'Photography started by accident, A friend asked me if I would try my hand at real estate photography after seeing some of my vacation photos from Argentina, in which I concentrated of architecture...'
One of the questions I always asks artists that I profile is how they got started. Not just how they began taking pictures, but how and when their focus turned to the male form. It is fascinating to me how many respond they began in taking images of animals, tree's and buildings. We've all taken those shots, of our dog, our house, of that apple tree in full blossom. Most of our shots however, come out like a year book photo or those family shots taken by the photographer at Sears. Everything's there, yet there's clearly, something crucial that's missing
What's often missing isn't necessarily what's physically seen, it's more what's felt. When we first meet a person, and even when we see a tree or building, what we experience is a combination of what we see, along with with what we feel. These feeling are based on a multitude of factors and great artists attempt to incorporate some of these factors into their images. It might be a model's demeanor, their sense of humour, flow of movement or a specific personality trait. Photographer Benjamin Veronis loves to discover the essence and character of the subjects he shoots. Model Mark Summers describes this as providing an 'extra kick', creating images with an energy and spark that stand out within a model's portfolio.

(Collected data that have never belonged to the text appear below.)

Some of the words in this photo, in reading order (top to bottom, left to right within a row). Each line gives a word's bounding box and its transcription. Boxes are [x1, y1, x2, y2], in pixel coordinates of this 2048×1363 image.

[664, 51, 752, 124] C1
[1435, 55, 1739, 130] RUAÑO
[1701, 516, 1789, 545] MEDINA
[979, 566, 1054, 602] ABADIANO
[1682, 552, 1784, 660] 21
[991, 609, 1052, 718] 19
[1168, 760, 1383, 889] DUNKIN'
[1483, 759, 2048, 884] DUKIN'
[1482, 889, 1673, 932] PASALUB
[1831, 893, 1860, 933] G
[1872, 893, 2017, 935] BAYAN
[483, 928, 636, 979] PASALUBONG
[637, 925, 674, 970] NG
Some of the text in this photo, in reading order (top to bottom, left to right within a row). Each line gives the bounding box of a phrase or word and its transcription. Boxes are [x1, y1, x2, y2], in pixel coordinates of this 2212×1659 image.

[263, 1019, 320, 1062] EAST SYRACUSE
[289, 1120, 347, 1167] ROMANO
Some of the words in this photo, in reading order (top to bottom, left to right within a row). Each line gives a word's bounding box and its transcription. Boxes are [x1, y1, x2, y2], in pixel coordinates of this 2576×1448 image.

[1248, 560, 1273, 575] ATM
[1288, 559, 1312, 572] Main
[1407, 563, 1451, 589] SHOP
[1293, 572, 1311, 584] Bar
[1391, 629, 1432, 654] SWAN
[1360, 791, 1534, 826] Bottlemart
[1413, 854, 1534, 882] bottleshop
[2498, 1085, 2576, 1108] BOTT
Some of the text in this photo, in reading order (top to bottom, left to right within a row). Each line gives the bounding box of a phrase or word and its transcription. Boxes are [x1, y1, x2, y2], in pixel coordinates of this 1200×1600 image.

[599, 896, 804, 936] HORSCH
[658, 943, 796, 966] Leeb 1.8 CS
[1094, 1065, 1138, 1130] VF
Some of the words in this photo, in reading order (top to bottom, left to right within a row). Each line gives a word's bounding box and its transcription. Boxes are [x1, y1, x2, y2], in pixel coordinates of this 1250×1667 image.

Benjamin began his career in the fashion industry as a menswear designer. After moving from New York to Palm Springs a few years he was in need of both a new focus and a new career. It was then that his friend noticed those vacation shots from Argentina and Benjamin did his job as a real estate photographer. The images turned out great which led to him getting more and more work shooting real estate. Benjamin had always loved the male form, and through an interesting connection, he took the opportunity to give it a shot.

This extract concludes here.